Graeme Lay bids a belated farewell to Auckland’s least glamorous but most useful shopping centre.

It was one of the ugliest buildings in Auckland’s central business district, in a part of town where there was tough competition for that distinction. It was the building known as ‘Downtown’. Flanked by the HSBC and ZURICH towers, its three-level block design had blighted lower Queen Street since the 1970s, a decade renowned for tastelessness in everything, including architecture.

From the outside, Downtown Auckland could have been plucked straight from Stalin’s Soviet Union or Kim Jong-un’s North Korea.
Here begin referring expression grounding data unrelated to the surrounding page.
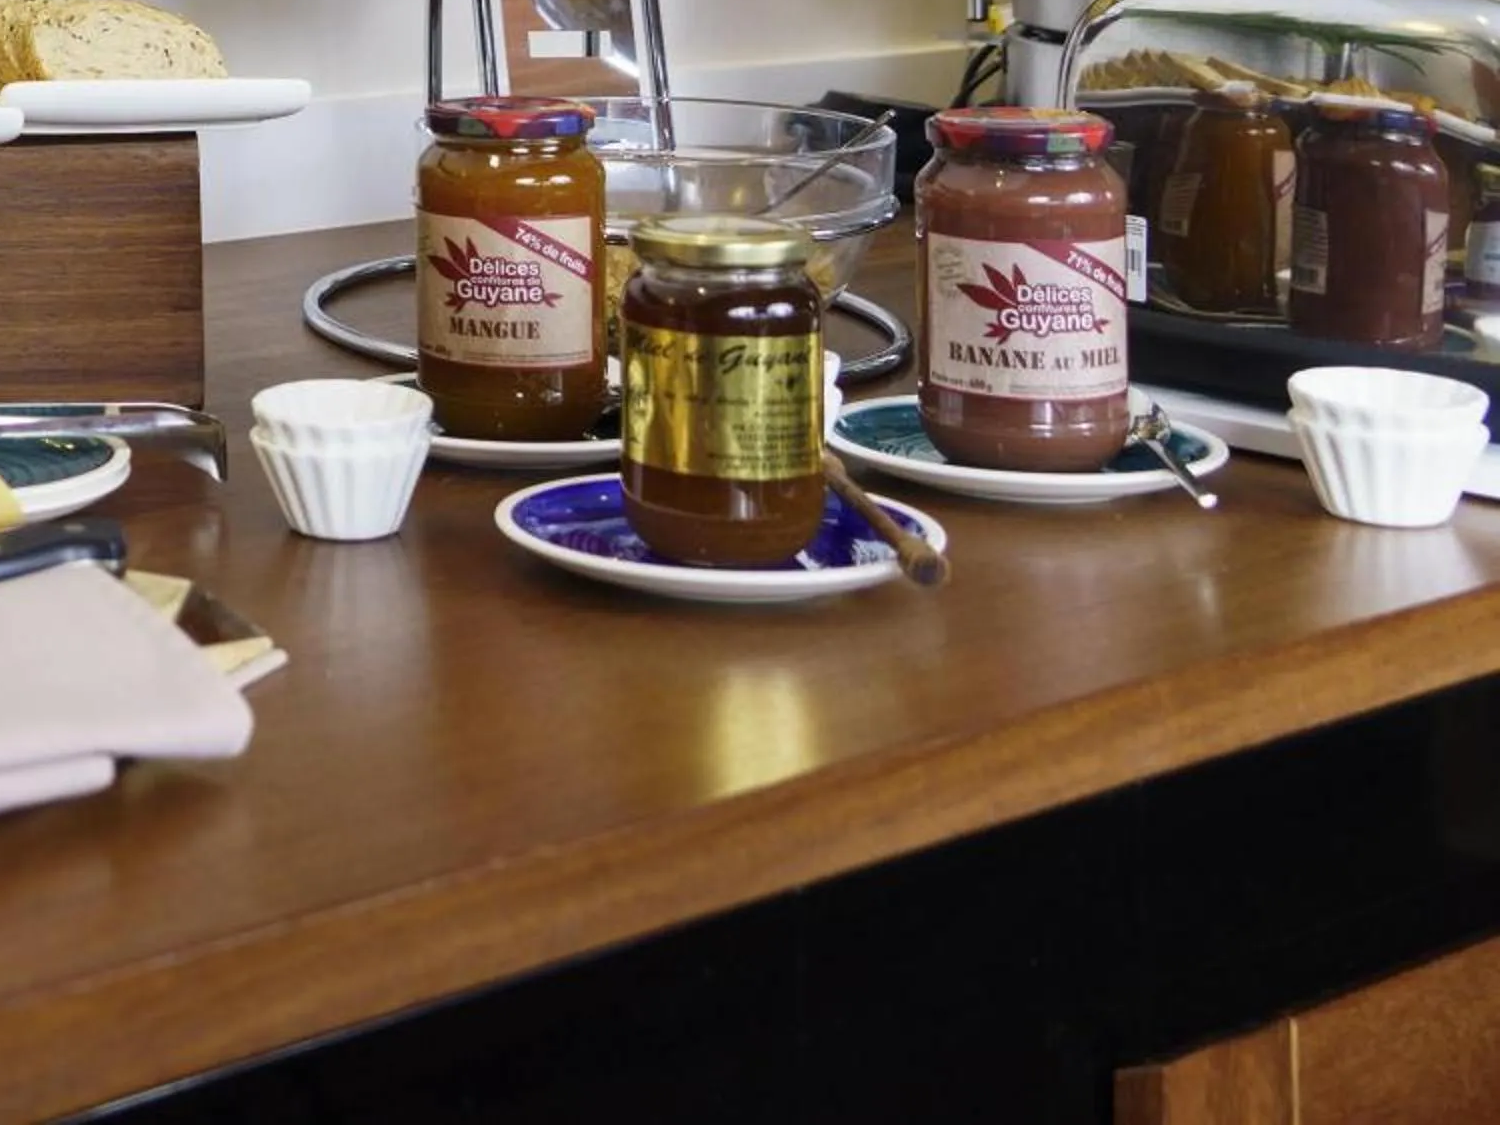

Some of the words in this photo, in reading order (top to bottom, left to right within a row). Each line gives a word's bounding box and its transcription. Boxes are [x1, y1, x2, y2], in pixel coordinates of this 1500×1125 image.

[542, 244, 559, 260] de
[469, 257, 540, 275] Délices
[456, 278, 543, 305] Guyane
[1016, 283, 1092, 303] Délices
[449, 316, 541, 340] MANGUE
[1000, 308, 1094, 335] Guyane
[948, 341, 1045, 370] BANANE
[1051, 356, 1074, 370] AU
[1081, 346, 1119, 368] MIEL
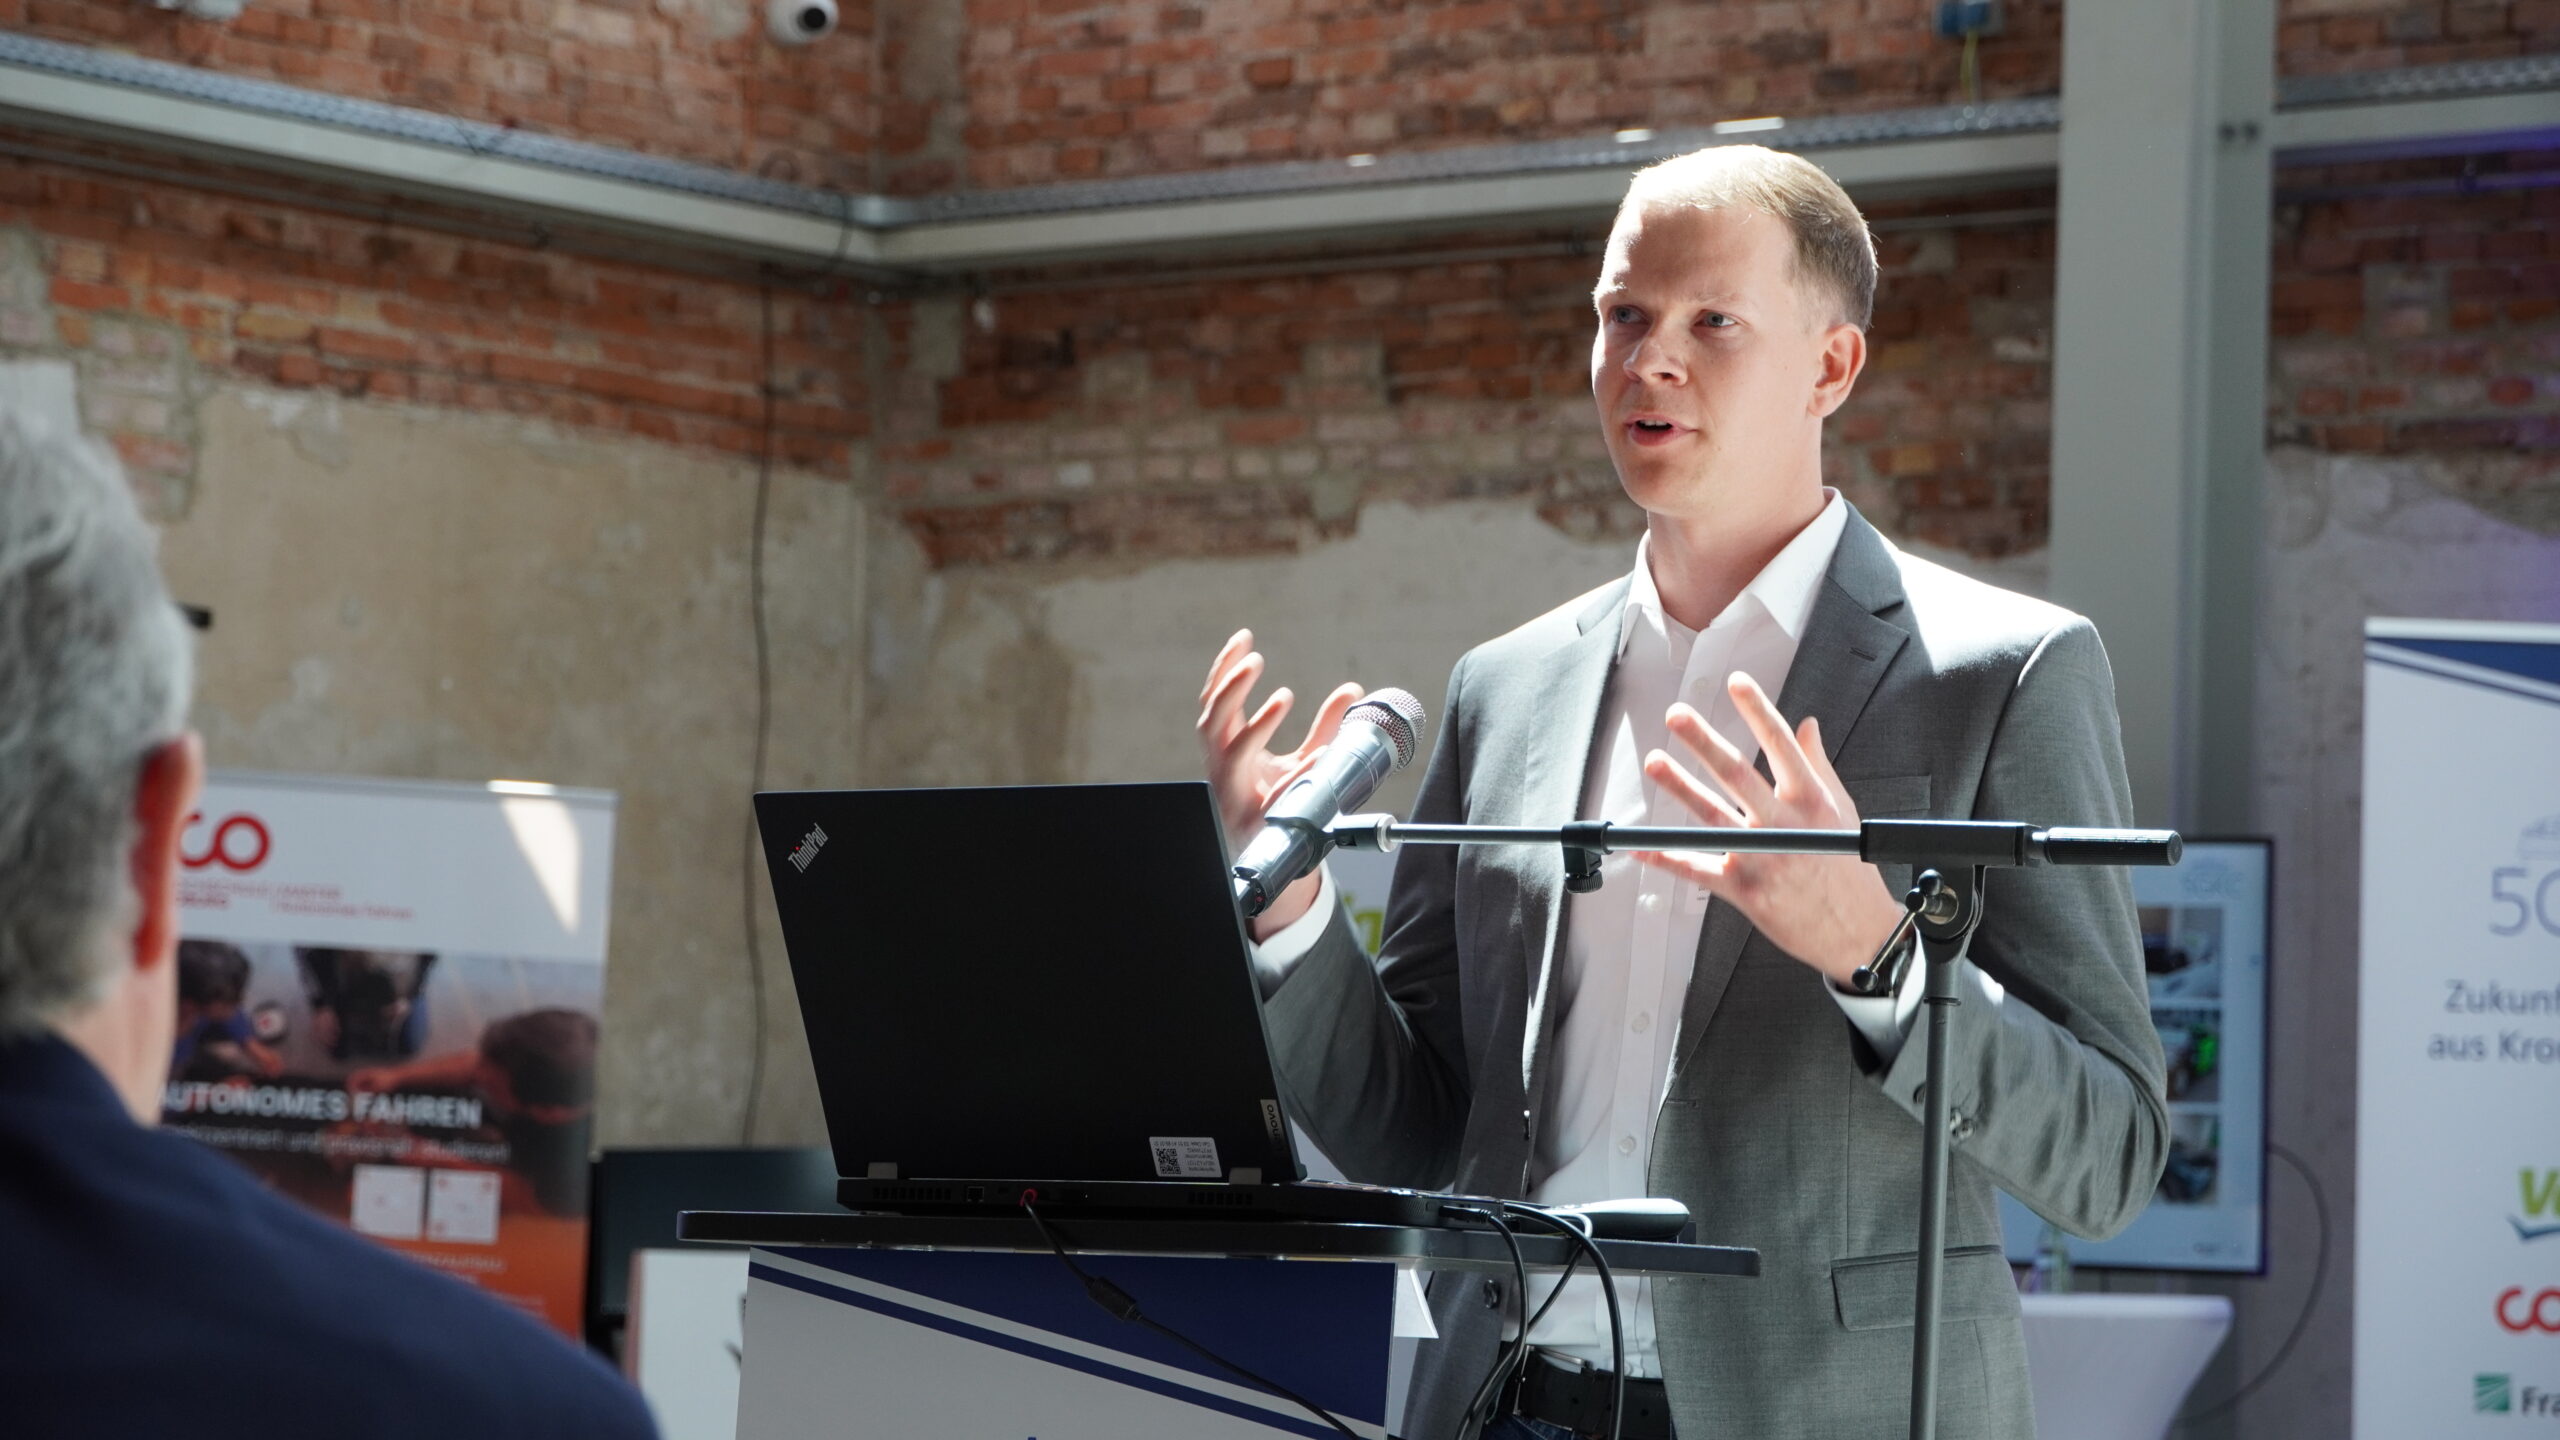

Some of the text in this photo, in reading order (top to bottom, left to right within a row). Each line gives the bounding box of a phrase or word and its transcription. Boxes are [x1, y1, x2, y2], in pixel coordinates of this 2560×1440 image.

[788, 822, 828, 873] ThinkPad
[2427, 1029, 2560, 1064] aus Kro
[352, 1092, 483, 1128] FAHREN
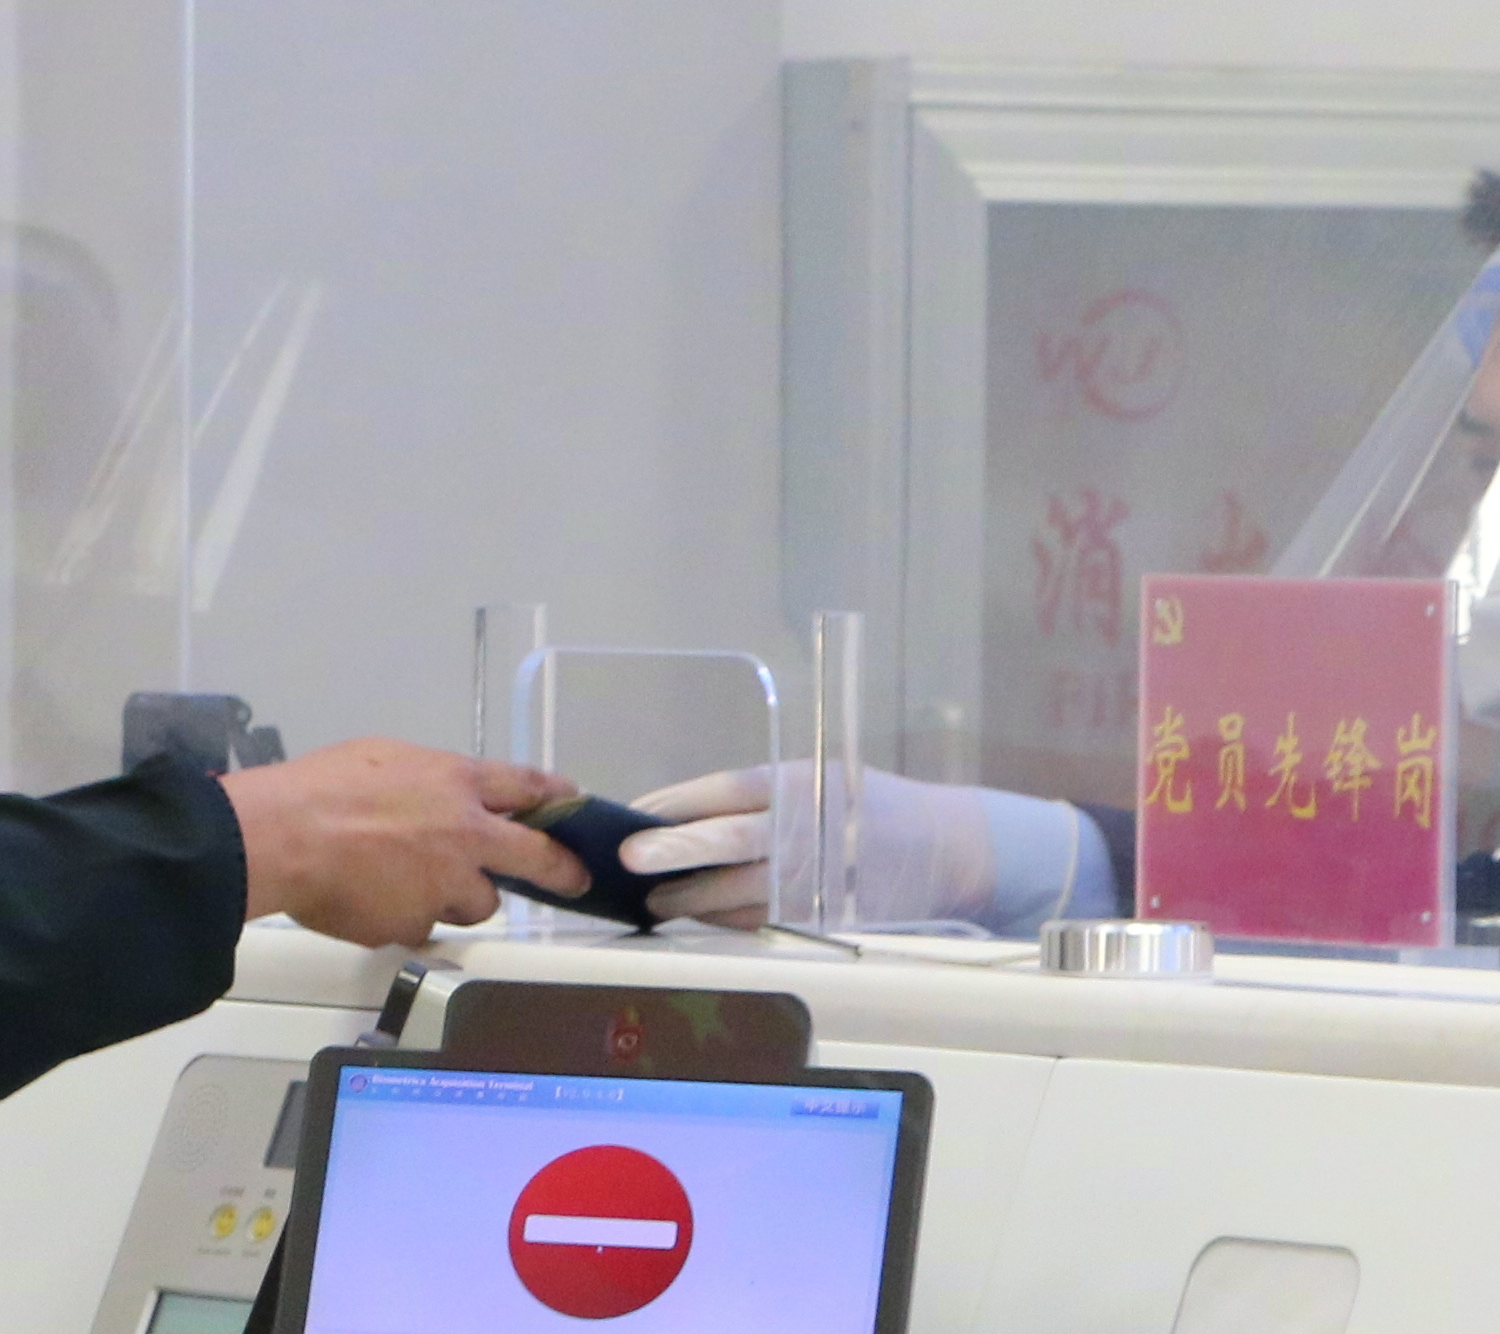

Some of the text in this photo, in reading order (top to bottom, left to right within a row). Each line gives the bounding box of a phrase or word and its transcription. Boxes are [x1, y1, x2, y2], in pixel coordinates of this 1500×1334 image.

There was no natural light and when the wind blew from the south Queen Elizabeth II Square was no place for a monarch. There was a grove of little kauri trees there, but they were a pitiable sight, like polar bears in a zoo compound.

Dearly departed: Auckland's now-demolished Downtown Shopping Mall and Queen Elizabeth Square
Dearly departed: Auckland’s now-demolished Downtown Shopping Mall and Queen Elizabeth Square. Photo: Matt Lowrie / transportblog.co.nz

But now Downtown has completely gone. Demolished, smashed, obliterated and its wreckage removed. Now only the twin bank towers remain. Where Downtown was is ground zero. Today, walking down lower Albert Street, I stared at the huge blank gap left by the block’s complete destruction.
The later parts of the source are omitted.